NFCB received a grant in the late 1990’s to pay for scientifically valid audience research with a small group of rural stations. The stations could not afford such analysis on their own nor did they have the expertise in house to design a survey and interpret the data. I was managing a station that participated in that project and we learned that our audience was diving in the middle of the day when we switched formats from music to public affairs for one hour. We fixed that by moving public affairs to a bookend on national news and it was a good move. Nothing like that research has been done since but from the recent NFCB survey it appears that there is big interest among stations for NFCB to try to make something happen again, especially since stations are now streaming and wanting to understand their digital audience.

The digital audience has its own unique flavor so it will not necessarily carry over to understanding the terrestrial listening audience. Digital listeners are mostly streaming from their computers and phones and have different habits such as less aggregate listening time and moving around to more sources in a short time. Builders who listen to a lot of radio but use their hands for their work are hardly listening via computers or phones. The truth is that these two audiences are distinct as listeners and as donors. They need to be considered simultaneously but not lumped into one category.

Clearly, digital audiences are new on the scene, growing fast, and need to be understood. Yet, terrestrial audiences are still massive in the home, in cars, and on thousands of job sites and workplaces around the country. Hard data about how long people listen, where they listen, and how they listen is absolutely essential in informing decisions about programming, fundraising strategies, and infrastructure investment.

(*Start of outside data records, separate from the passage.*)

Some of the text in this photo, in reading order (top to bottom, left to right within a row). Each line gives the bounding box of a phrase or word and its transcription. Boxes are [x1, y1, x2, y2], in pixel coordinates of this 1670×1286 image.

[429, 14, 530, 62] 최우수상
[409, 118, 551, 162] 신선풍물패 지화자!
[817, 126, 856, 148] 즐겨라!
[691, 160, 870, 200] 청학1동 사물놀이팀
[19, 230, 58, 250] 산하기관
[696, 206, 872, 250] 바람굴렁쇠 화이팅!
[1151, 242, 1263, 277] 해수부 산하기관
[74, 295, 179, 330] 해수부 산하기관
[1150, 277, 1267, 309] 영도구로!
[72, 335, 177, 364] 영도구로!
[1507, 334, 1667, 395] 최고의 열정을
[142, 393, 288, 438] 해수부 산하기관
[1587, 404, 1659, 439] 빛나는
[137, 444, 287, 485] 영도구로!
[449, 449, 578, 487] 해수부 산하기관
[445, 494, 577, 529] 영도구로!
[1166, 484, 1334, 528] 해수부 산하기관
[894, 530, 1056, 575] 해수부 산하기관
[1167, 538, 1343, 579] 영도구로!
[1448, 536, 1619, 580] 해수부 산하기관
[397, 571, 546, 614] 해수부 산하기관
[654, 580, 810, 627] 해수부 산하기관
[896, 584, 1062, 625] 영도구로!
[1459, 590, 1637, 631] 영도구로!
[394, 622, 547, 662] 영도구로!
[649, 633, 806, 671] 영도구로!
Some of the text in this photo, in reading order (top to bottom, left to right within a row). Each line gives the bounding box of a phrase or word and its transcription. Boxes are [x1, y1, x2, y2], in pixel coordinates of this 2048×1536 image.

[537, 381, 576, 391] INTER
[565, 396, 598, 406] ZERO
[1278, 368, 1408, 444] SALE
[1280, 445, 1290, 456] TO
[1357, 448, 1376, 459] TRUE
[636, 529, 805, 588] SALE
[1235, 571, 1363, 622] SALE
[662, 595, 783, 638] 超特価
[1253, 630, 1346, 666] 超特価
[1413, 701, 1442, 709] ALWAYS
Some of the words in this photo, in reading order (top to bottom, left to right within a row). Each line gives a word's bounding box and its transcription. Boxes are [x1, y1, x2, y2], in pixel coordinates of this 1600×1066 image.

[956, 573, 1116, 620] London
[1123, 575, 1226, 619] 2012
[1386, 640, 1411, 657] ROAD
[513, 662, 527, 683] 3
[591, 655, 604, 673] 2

What little of the hard data will tell is, in my view, the essential question to ask. Why do they listen? If we don’t understand at least some of the why, the data sets will have us running down operational rabbit holes all day long but the content itself will not be examined for its resonance or social value and that, in the end, is why we are here. Fred Jacobs of Jacobs Media Strategy recently blogged on this topic using an example of a scene from the film “Darkest Hour” to explore the notion that Director Joe Wright called “Emotional Truth”.

I believe that we need both qualitative and quantitative knowledge in order to have an impact with the “product” we offer and stay relevant and engaging. Community radio is more than the programming. In many cases it is a friend to people and it creates a sense of belonging. These are hard to measure but they are emotional responses that drive behavior in extremely powerful ways. We feel them when people call to make a pledge, when they write us letters, when they stop us in the grocery store, when we come up at the kitchen table in conversation. They grow and expand when we help a family in need, provide information about public safety, play a song that comes at the perfect moment in a person’s life and comforts or reminds them of something important. Radio at its best tells a story that connects to another story…. a listener’s story. We can’t eliminate the story of why they listen if we want to understand the full nature of the audience.

I’m not saying that qualitative knowledge is more important than quantitative knowledge. I am suggesting that, like a well-curated music show or local news magazine, it is the balance of the two that make radio’s special sauce. Community radio can learn a great deal about its audience by analyzing hard data and audience research…. and we should. We can also learn a great deal from our deep qualitative albeit anecdotal knowledge. The loyalty and generosity of our listeners suggests they value us for more than the numbers and we always need to try to keep understanding why that if we want to make optimum decisions.